How the Coronavirus Will Shape the Class of 2020 for the Rest of Their Lives

Elissa DeFranceschi, Drexel University Class of 2020, with her boyfriend in Philadelphia. Hannah Beier

They call it commencement because it’s supposed to be a new beginning.

College graduation is one of life’s last clean transitions, a final passage from adolescence to adulthood that is predictable in ways other transitions rarely are. Relationships end with breakups or death, jobs often end with quitting or firing, but college is one of the only things in life that ends with a fresh start. Except when it doesn’t.

One morning in March, Clavey Robertson took a study break and climbed onto the roof of his dorm at the University of California, Berkeley. He had spent the past year working on his senior thesis on the erosion of the social-safety net since the Great Depression, and he needed to clear his head. In the distance, Robertson could see a tiny white speck: the Diamond Princess cruise ship, carrying crew members infected with COVID-19, lingering in the San Francisco Bay.
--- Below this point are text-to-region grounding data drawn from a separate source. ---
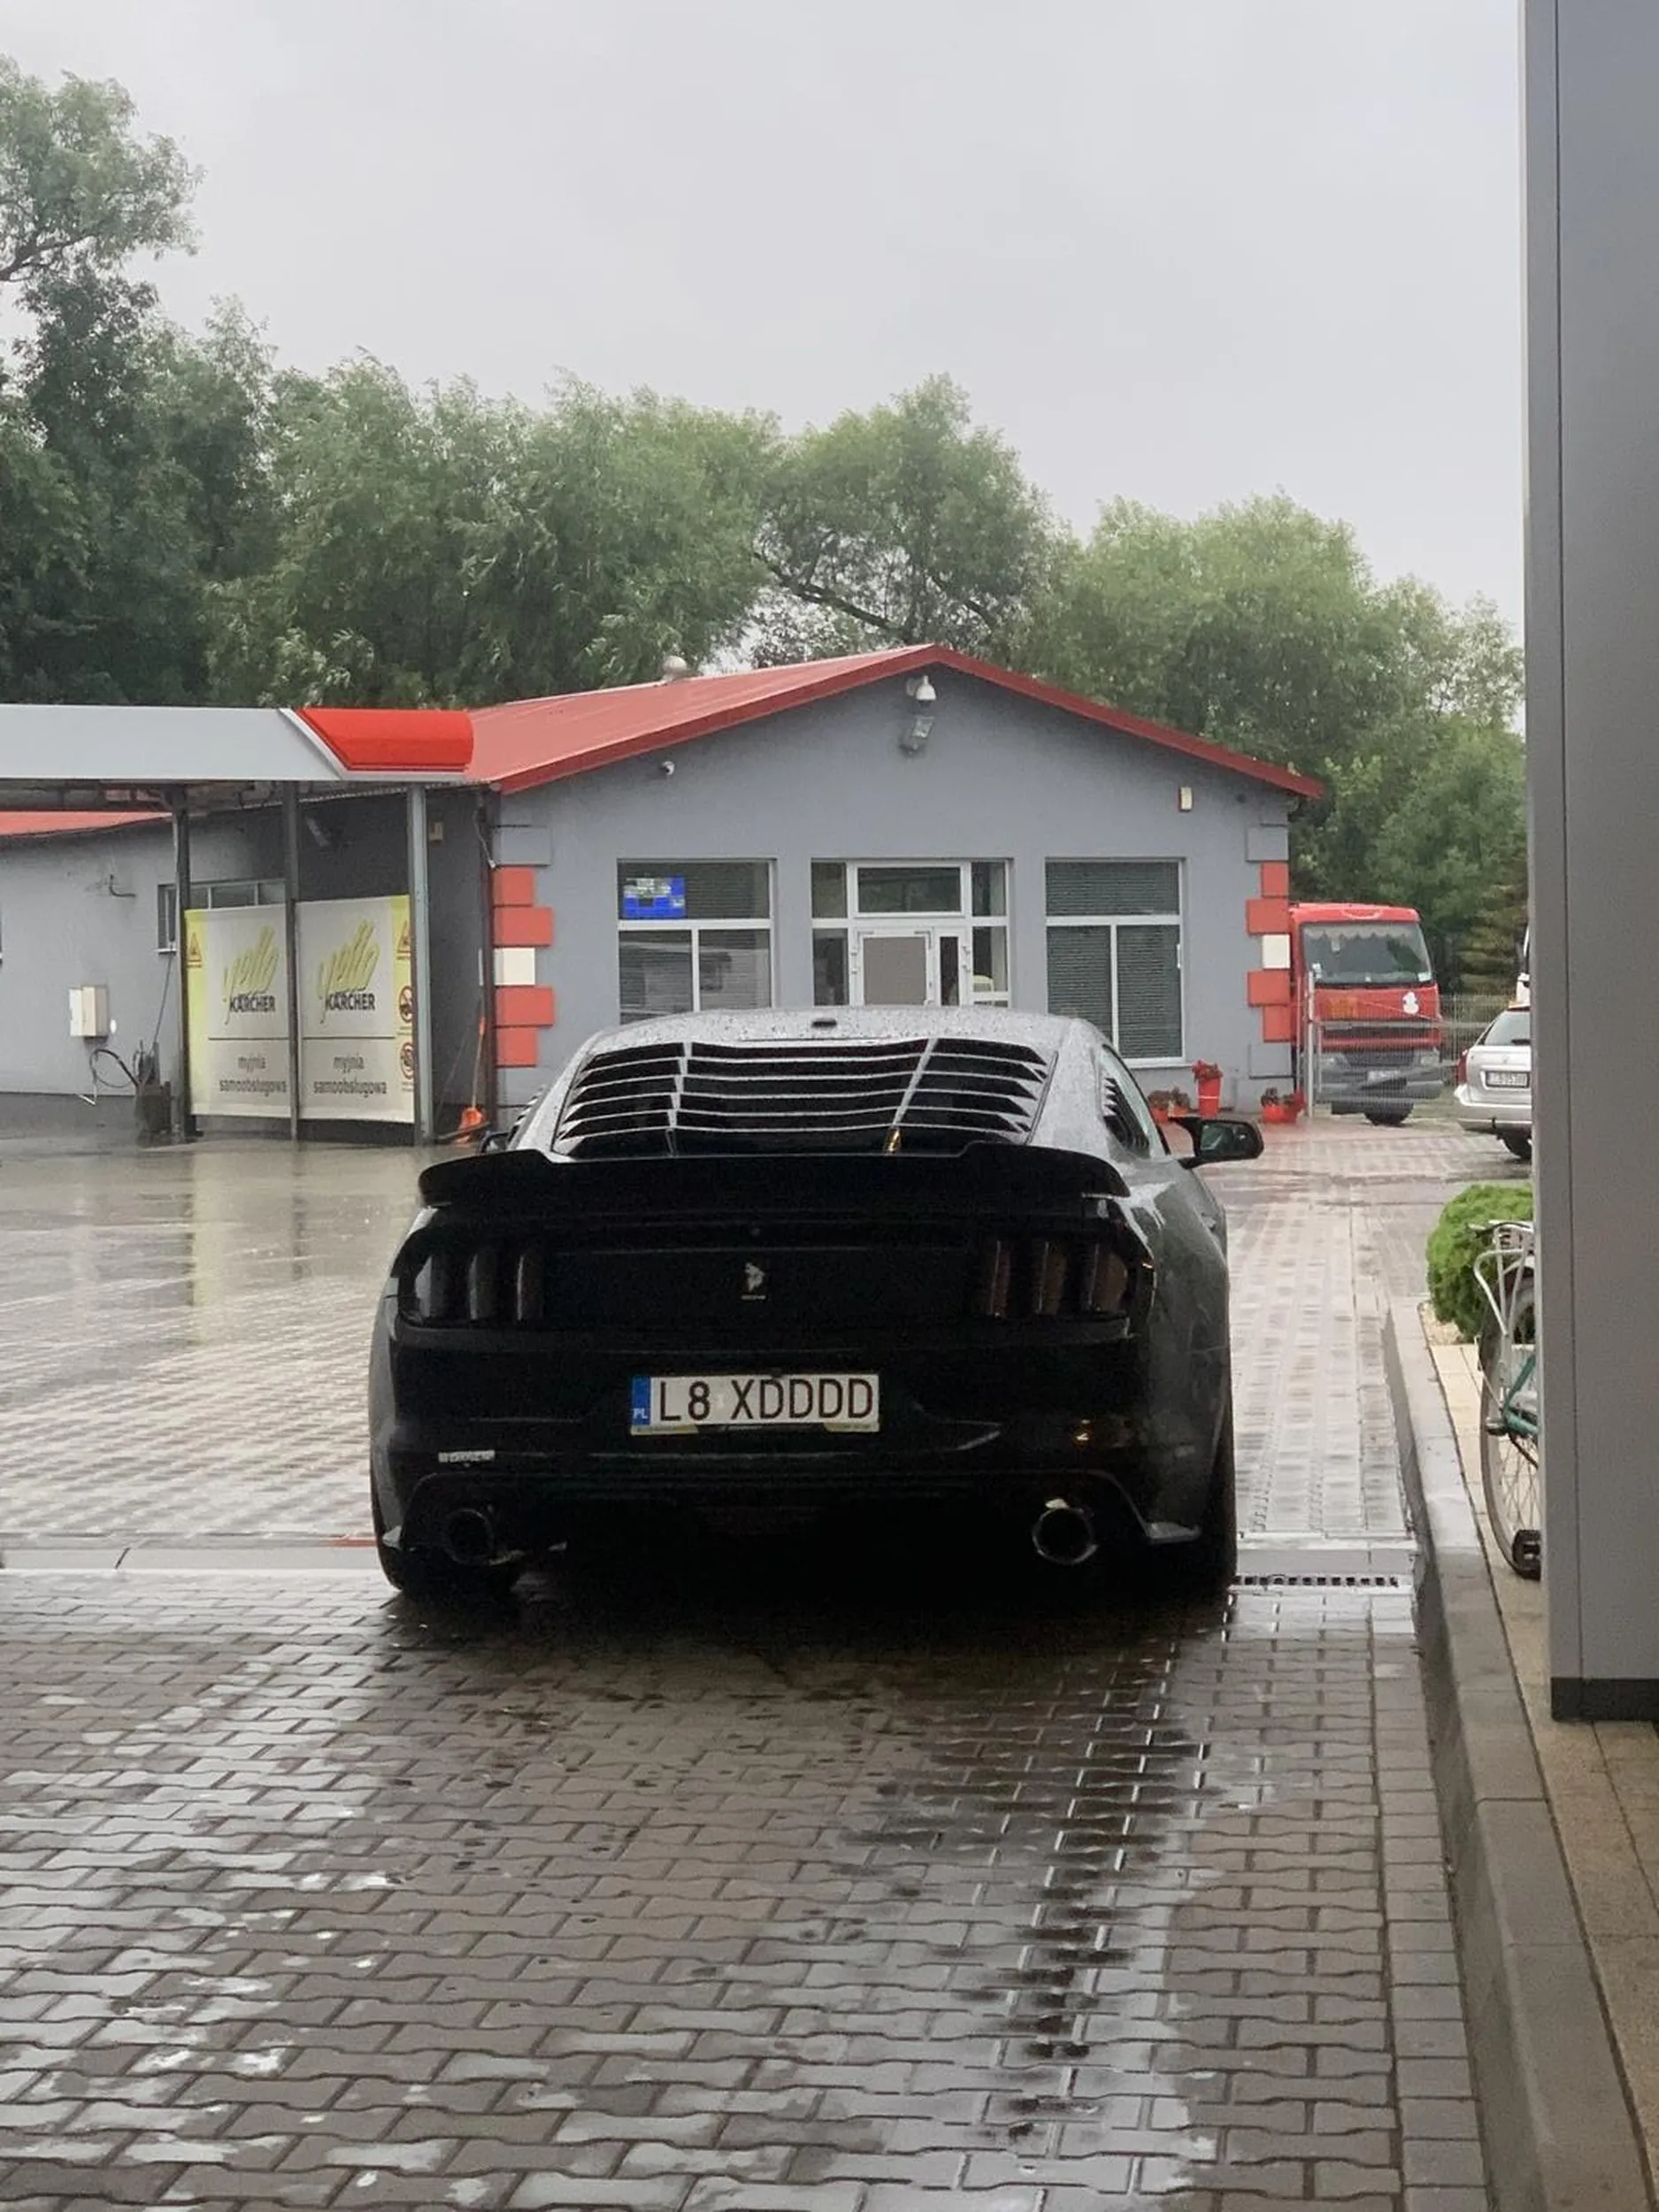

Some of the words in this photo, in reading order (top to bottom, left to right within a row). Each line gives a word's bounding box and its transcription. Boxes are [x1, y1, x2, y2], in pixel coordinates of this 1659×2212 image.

[333, 1051, 365, 1074] myjnia
[659, 1379, 711, 1422] L8
[730, 1377, 874, 1420] XDDDD
[633, 1409, 649, 1419] PL
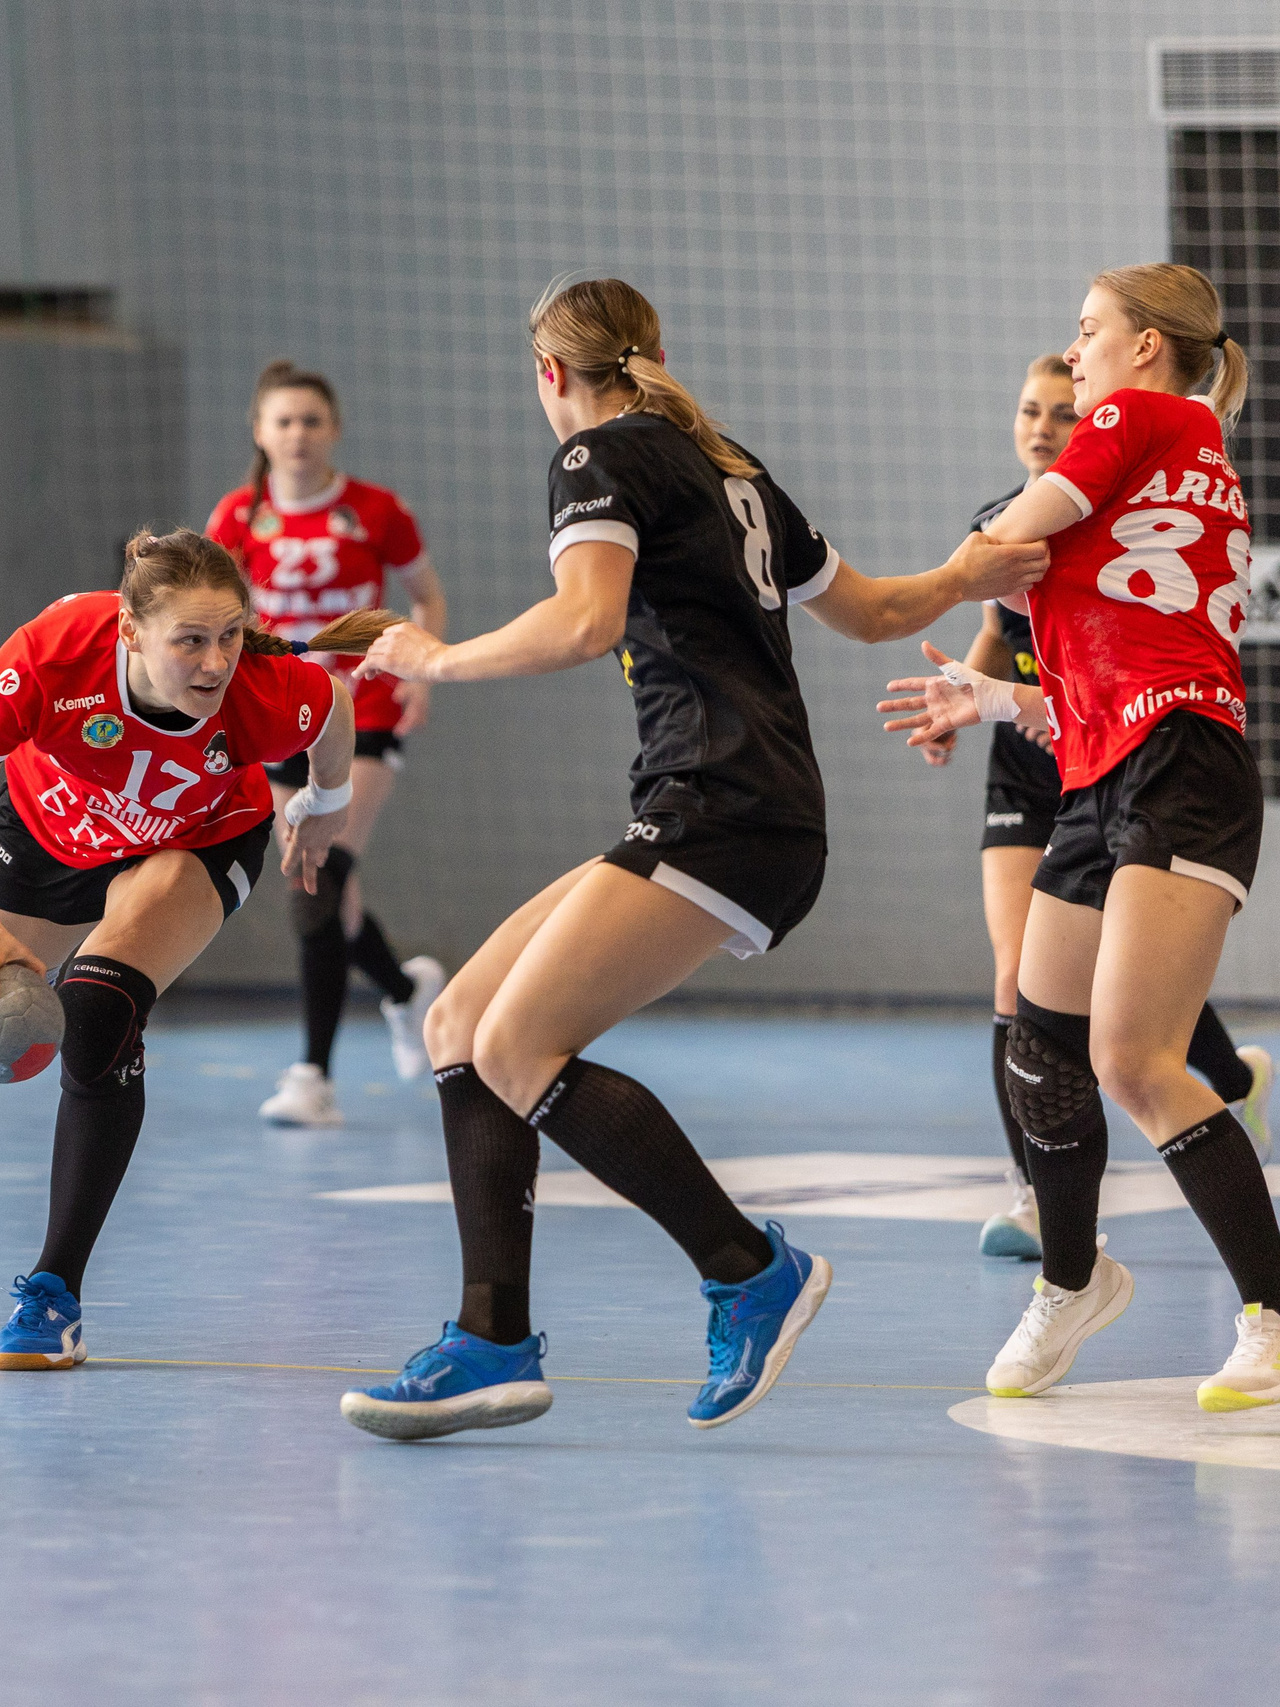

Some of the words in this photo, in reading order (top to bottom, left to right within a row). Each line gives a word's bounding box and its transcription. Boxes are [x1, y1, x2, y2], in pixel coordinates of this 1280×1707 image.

Two months later, Robertson’s transition to adulthood is in limbo. He skipped his online commencement and he’s living in his childhood bedroom, which had been converted to a guest room. His parents have lost their travel agency work, and his own job prospects have dried up. “No longer am I just a student writing about the Great Depression,” he says. “Now there’s a depression.”

College graduation is often marked by an adjustment period, as students leave the comforts of campus to find their way in the raw wilderness of the job market. But this year’s graduates are staggering into a world that is in some ways unrecognizable. More than 90,000 Americans have died; tens of millions are out of work; entire industries have crumbled. The virus and the economic shock waves it unleashed have hammered Americans of all ages. But graduating in the midst of the coronavirus pandemic will have enduring implications on the Class of 2020: for their memories, their earning power, and their view of what it means to have a functional society. For these young adults, the pandemic represents not just a national crisis but also a defining moment.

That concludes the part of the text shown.